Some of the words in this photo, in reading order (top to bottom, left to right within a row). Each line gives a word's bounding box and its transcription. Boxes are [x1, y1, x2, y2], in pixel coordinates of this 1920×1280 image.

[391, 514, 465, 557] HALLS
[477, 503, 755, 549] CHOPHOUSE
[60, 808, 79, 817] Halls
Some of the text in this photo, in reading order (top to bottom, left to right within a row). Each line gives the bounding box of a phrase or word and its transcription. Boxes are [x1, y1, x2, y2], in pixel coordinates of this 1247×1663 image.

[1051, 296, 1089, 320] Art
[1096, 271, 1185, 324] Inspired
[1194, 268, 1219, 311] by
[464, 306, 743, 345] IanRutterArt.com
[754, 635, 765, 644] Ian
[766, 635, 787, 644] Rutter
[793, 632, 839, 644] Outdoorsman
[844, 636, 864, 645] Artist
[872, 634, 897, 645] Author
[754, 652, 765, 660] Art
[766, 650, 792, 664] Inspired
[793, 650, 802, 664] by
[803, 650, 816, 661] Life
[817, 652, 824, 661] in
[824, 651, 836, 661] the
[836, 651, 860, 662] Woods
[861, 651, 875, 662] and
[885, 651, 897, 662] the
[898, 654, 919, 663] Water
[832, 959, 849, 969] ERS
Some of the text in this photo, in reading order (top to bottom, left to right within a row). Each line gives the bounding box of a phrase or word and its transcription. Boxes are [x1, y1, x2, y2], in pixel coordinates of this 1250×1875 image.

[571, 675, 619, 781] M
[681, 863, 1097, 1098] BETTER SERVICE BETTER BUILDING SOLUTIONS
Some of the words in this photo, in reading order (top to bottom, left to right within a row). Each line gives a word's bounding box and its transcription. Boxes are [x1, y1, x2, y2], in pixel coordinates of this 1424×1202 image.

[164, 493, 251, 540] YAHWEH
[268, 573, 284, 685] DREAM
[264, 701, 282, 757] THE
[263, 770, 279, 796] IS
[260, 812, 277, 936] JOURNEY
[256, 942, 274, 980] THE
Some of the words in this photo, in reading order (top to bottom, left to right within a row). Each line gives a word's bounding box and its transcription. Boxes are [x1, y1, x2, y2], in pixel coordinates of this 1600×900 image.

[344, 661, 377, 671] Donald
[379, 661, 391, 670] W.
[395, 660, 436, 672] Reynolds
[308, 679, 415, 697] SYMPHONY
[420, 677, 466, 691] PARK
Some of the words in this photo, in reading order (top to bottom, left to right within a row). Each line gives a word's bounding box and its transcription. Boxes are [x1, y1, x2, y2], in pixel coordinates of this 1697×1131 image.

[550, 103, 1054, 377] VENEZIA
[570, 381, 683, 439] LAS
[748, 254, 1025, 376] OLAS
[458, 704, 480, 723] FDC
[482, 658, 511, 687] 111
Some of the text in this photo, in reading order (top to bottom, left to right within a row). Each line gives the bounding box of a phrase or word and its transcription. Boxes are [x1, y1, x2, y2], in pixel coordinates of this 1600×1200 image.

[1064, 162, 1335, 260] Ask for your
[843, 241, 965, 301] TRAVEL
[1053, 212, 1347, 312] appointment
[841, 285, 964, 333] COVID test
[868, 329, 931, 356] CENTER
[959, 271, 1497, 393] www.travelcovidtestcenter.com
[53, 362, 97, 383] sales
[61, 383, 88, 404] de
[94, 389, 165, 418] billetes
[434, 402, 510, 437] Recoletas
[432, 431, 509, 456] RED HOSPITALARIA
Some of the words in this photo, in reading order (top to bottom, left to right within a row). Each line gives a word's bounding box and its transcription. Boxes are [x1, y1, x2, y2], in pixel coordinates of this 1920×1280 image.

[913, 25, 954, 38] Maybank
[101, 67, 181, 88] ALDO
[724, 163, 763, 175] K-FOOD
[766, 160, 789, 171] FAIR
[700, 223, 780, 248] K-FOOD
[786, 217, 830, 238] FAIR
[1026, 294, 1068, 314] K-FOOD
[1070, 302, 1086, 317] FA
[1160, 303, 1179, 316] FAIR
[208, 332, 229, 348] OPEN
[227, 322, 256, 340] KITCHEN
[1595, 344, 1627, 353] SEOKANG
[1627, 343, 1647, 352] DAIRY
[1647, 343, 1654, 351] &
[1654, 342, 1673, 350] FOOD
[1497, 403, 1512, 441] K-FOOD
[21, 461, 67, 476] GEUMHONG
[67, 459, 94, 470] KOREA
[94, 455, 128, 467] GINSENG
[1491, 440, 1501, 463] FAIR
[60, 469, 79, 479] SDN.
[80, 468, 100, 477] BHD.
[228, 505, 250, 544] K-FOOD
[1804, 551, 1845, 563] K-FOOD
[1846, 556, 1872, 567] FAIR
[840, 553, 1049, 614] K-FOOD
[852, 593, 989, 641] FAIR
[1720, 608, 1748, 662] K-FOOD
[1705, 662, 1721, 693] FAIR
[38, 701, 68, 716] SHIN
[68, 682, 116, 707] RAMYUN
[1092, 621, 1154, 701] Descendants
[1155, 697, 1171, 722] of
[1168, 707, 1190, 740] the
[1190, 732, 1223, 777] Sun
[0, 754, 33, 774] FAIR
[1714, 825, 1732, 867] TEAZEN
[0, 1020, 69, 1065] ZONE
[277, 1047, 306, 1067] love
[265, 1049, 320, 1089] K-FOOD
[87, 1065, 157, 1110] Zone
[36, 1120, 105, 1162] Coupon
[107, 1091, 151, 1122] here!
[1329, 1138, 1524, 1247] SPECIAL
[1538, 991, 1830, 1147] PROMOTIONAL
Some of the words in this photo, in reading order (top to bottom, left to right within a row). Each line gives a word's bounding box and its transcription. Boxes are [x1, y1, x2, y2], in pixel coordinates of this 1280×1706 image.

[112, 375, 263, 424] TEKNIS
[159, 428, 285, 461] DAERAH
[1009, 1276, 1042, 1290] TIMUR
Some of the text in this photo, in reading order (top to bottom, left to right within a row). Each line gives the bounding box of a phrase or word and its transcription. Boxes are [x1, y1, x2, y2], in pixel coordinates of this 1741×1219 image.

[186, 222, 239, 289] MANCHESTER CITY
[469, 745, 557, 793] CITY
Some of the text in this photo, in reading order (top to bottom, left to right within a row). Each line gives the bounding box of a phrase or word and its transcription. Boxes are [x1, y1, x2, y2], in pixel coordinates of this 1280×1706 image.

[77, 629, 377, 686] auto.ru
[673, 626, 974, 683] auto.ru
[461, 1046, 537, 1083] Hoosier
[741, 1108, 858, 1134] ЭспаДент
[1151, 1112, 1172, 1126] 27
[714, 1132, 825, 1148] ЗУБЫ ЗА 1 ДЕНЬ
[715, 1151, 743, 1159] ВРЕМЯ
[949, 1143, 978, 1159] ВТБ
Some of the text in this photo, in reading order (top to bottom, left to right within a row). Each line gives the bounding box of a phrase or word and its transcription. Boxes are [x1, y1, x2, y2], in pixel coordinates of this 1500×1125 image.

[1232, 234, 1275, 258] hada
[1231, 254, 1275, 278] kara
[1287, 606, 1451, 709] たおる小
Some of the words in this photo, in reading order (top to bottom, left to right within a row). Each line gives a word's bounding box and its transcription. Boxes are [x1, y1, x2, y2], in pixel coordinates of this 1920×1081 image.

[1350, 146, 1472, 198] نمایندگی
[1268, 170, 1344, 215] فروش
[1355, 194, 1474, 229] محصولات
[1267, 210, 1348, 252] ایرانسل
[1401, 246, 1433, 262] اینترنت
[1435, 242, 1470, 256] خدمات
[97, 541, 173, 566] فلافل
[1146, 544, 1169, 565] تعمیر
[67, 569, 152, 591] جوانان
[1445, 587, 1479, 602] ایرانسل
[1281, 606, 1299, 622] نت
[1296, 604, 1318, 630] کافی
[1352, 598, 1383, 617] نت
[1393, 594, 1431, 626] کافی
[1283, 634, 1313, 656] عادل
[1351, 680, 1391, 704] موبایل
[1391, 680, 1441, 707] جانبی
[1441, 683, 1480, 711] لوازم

About this exercise —
Everything from the line containing "this 1920×1081 image." to the last line of the material above must be copied exactly, and only that.

Answer —
Some of the words in this photo, in reading order (top to bottom, left to right within a row). Each line gives a word's bounding box and its transcription. Boxes are [x1, y1, x2, y2], in pixel coordinates of this 1920×1081 image.

[1350, 146, 1472, 198] نمایندگی
[1268, 170, 1344, 215] فروش
[1355, 194, 1474, 229] محصولات
[1267, 210, 1348, 252] ایرانسل
[1401, 246, 1433, 262] اینترنت
[1435, 242, 1470, 256] خدمات
[97, 541, 173, 566] فلافل
[1146, 544, 1169, 565] تعمیر
[67, 569, 152, 591] جوانان
[1445, 587, 1479, 602] ایرانسل
[1281, 606, 1299, 622] نت
[1296, 604, 1318, 630] کافی
[1352, 598, 1383, 617] نت
[1393, 594, 1431, 626] کافی
[1283, 634, 1313, 656] عادل
[1351, 680, 1391, 704] موبایل
[1391, 680, 1441, 707] جانبی
[1441, 683, 1480, 711] لوازم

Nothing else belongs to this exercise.